- Assim que se percebe que Abril "arrumara" com extrema facilidade - quase do dia para a noite - o regime de partido único, e, que, pomposamente, se auto-intitulara de Estado Novo durante várias décadas, ficariam no ar várias confusões, que, com o tempo iríamos descortinando... E só por milagre poderia ser de outra forma, porque toda uma vida sem formação adequada no que à política dizia respeito, haveria de criar falhas de difícil recuperação, que foram sobrevivendo no tempo e continuam a pesar bastante na sociedade portuguesa!...
- Algumas coisas foram feitas no pós 25 de Abril, mas depressa se percebeu, que se começaram a instalar outros interesses a partir do momento em que começava a ser notório, que, alguns partidos políticos, passaram a ser coutadas de certos grupos comprometidos com conhecidos grupos económicos... A partir do início dos anos oitenta, notava-se, que uma boa parte das gentes trabalhadoras, entrara já numa espécie de comodismo, ao "desligar" da coisa pública e limitando-se, em boa medida, a frequentar os actos eleitorais, que, curiosamente, acabavam por eleger sempre os mesmos partidos e uma ou outra cara "nova" com receituário igualzinho, ou, pior ainda, com práticas de governação bastante idênticas e em alguns casos para pior... Entretanto, o mundo financeiro ia sofrendo algumas alteracções e a médio prazo a coisa má aporta por este rectângulo e vem ao de cima todo um cenário de pesadelo, que quase "esmaga" o mundo do trabalho, em contraste com todo aquele mundo de facilidades ostentadas pelos tais grupos de espertalhões, que de forma descarada vêm para as televisões, jornais e revistas, jurarem de pés juntos e mãos levantadas para os Céus da sua "inocência" e do muito que este País lhes ficara a dever...Ou seja, nunca passaria pela cabeça dos melhores cérebros nacionais, que Portugal teria talentos de tamanha estirpe nas áreas da encenação e da representação, do melhor que tínhamos visto em Shaskespeare ou em Godot... Claro, que não se trata de pioneiros na arte de representar, bem pelo contrário, porque sabiam de antemão que o trabalho de sapa, matreiro, já havia sido feito ao longo dos anos e garantia-lhes uma total segurança, que está à vista e que nada de mal lhes iria acontecer...
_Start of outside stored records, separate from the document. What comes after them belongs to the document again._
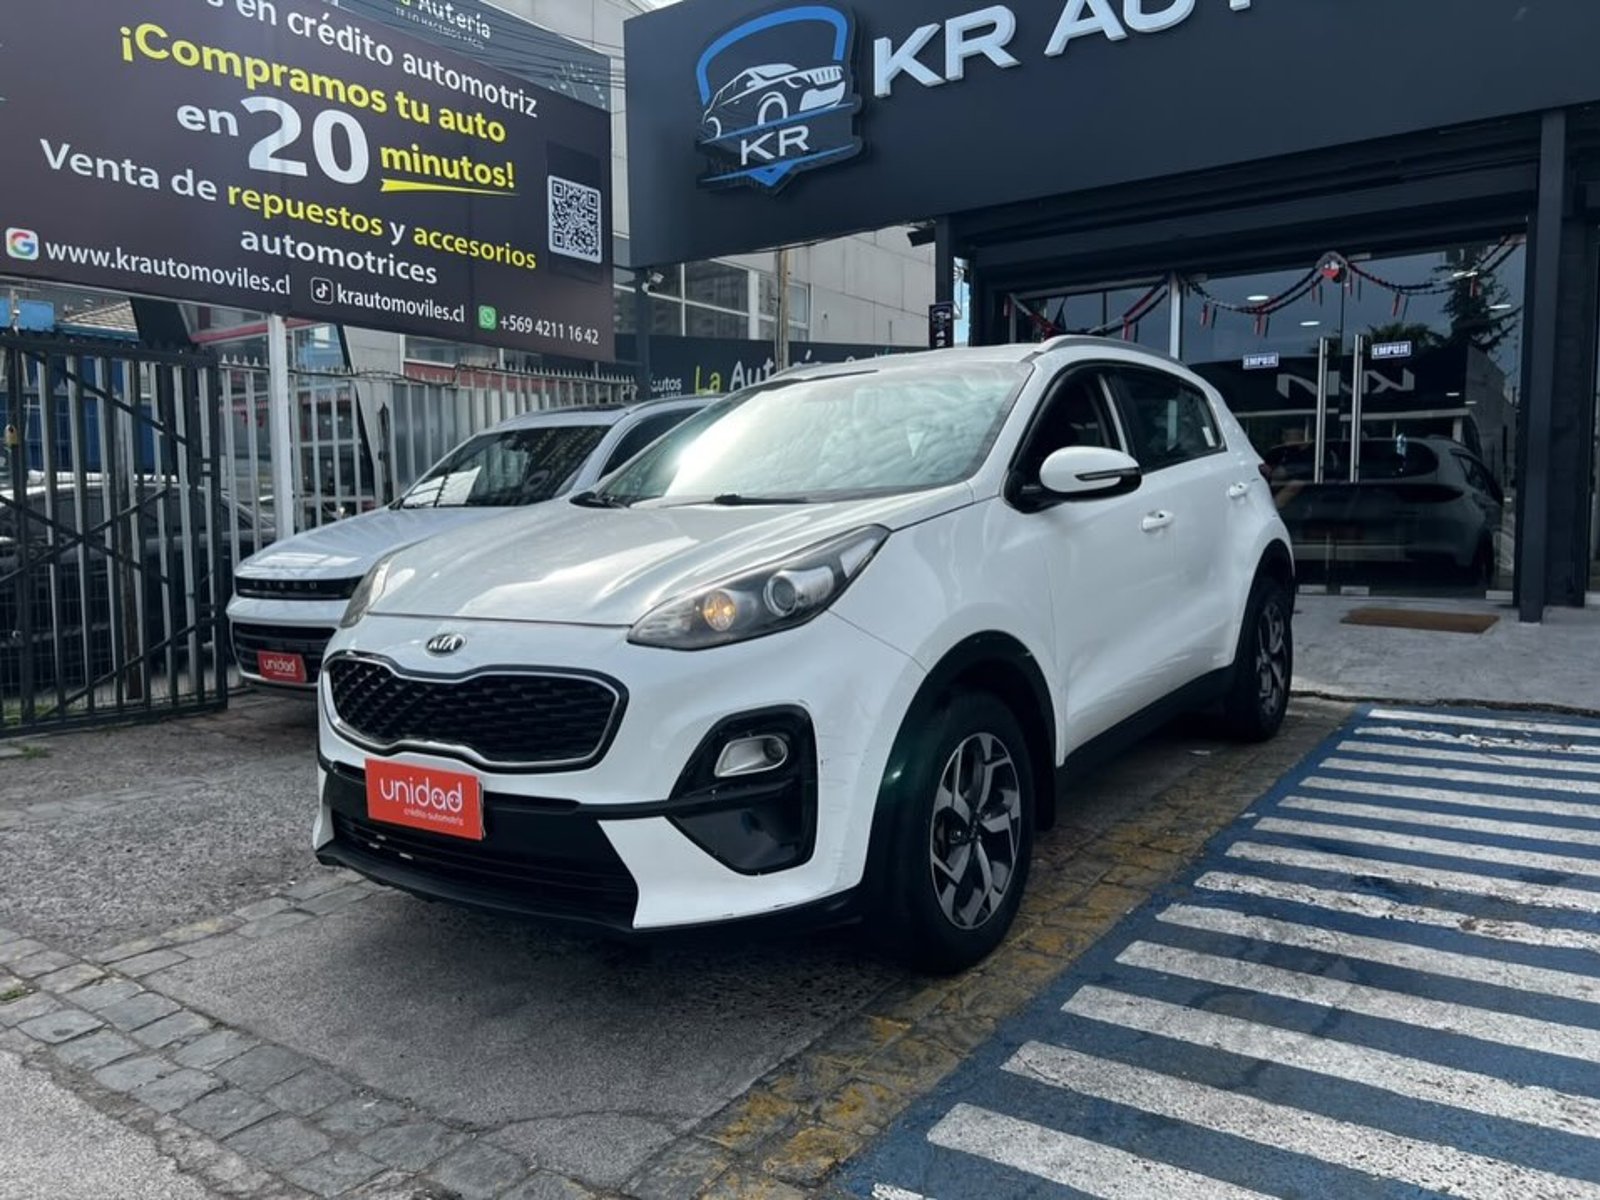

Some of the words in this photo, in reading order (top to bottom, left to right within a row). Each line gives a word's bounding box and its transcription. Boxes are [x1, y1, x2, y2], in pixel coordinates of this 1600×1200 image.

[236, 0, 277, 26] en
[287, 12, 394, 66] crédito
[403, 53, 538, 118] automotriz
[873, 4, 1022, 99] KR
[120, 23, 388, 113] ¡Compramos
[395, 91, 430, 124] tu
[438, 108, 506, 142] auto
[177, 105, 239, 137] en
[240, 96, 369, 184] 20
[380, 143, 515, 189] minutos!
[740, 125, 810, 166] KR
[40, 138, 160, 189] Venta
[171, 168, 217, 201] de
[228, 185, 383, 236] repuestos
[389, 221, 406, 246] y
[413, 227, 537, 269] accesorios
[45, 241, 291, 295] www.krautomoviles.cl
[240, 230, 438, 284] automotrices
[337, 283, 465, 323] krautomoviles.cl
[500, 315, 533, 334] +569
[535, 318, 564, 339] 4211
[568, 325, 582, 343] 16
[583, 328, 599, 345] 42
[695, 366, 721, 396] La
[380, 776, 463, 813] unidad
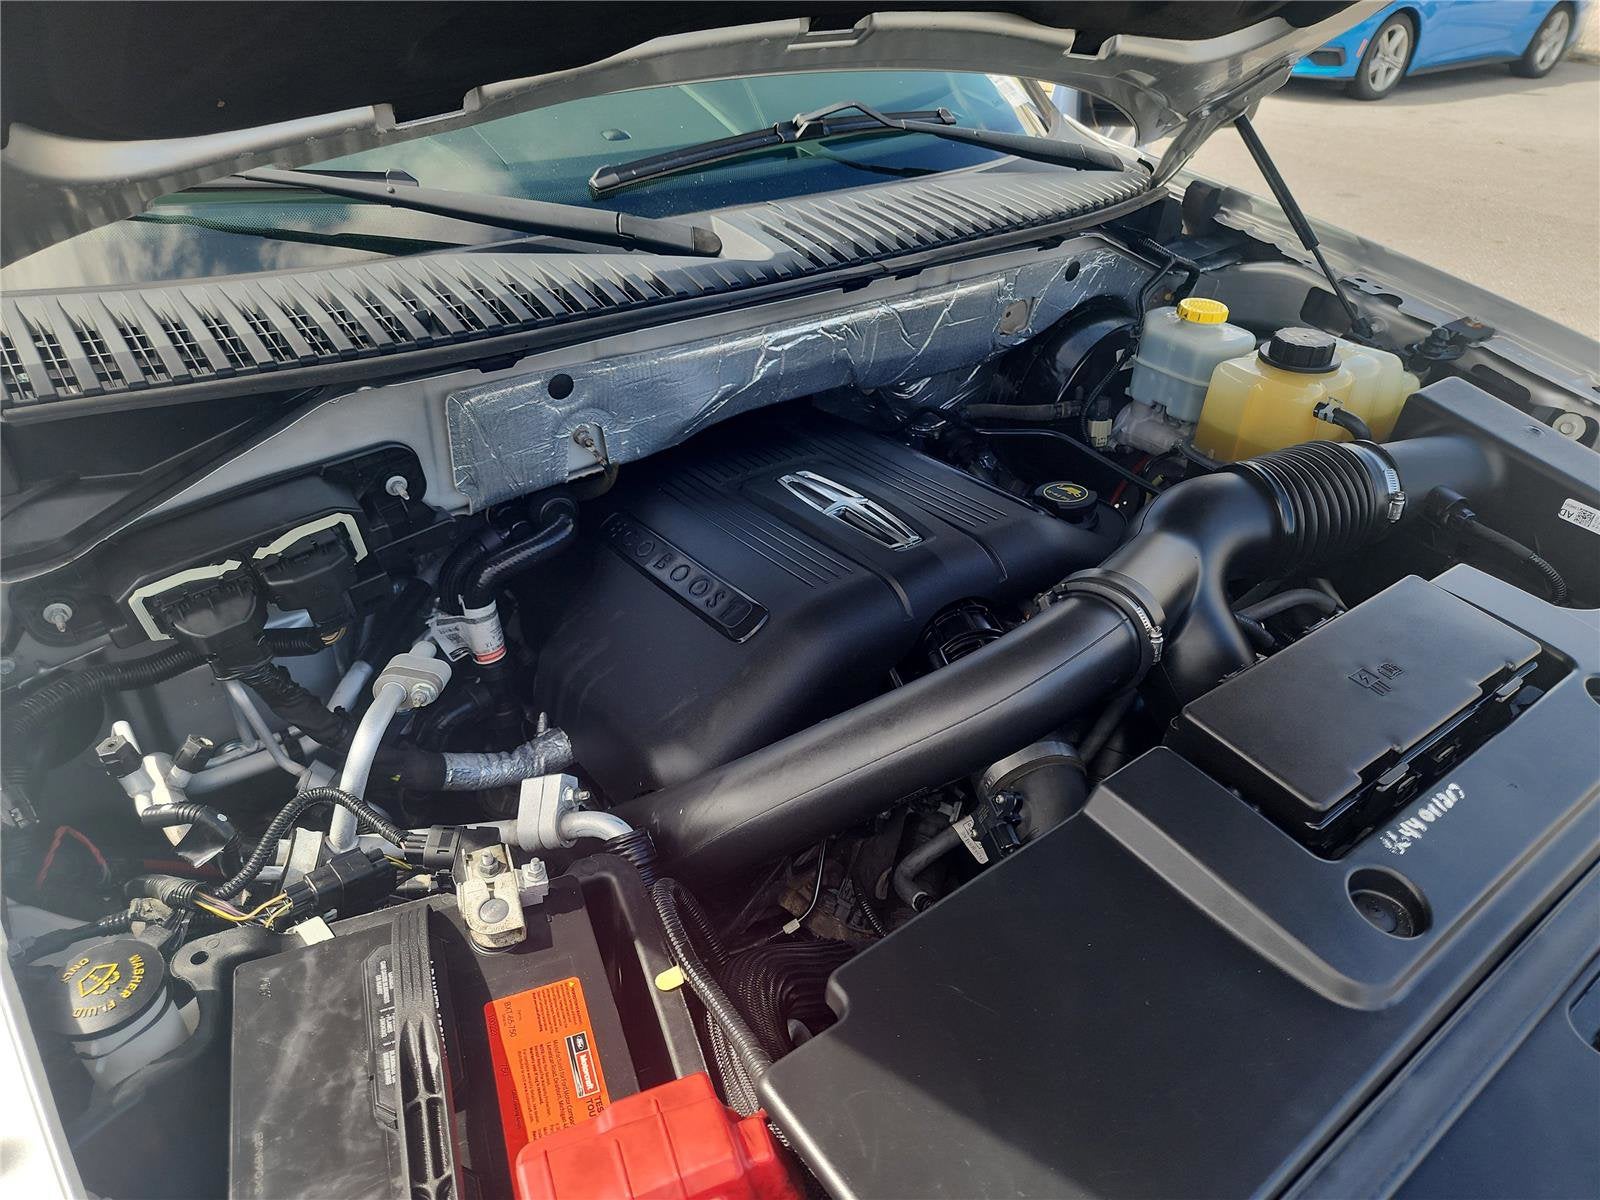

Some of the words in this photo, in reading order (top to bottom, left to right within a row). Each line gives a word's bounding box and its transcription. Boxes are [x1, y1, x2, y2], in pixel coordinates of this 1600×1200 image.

[120, 954, 144, 999] WASHER
[580, 1054, 594, 1091] Motorcraft
[586, 1098, 597, 1118] TOU
[595, 1095, 605, 1113] TES
- Ao contrário, todos os dias, milhares de pessoas, que dedicaram toda a sua vida a um trabalho de forma digna e séria, vêem-se atirados para o lote da classe dos desempregados, sem saberem como e quando irão sair de tal pesadelo...
Camarim no teatro
Há 10 meses
Já «virámos muitos frangos» pelo que já poucas coisas nos surpreendem, mas confesso que nunca pensei que esta teia nos cercasse da maneira como está a acontecer, o capital tomou conta de tudo com um descaramento que não julgava possível, nos tempos que correm.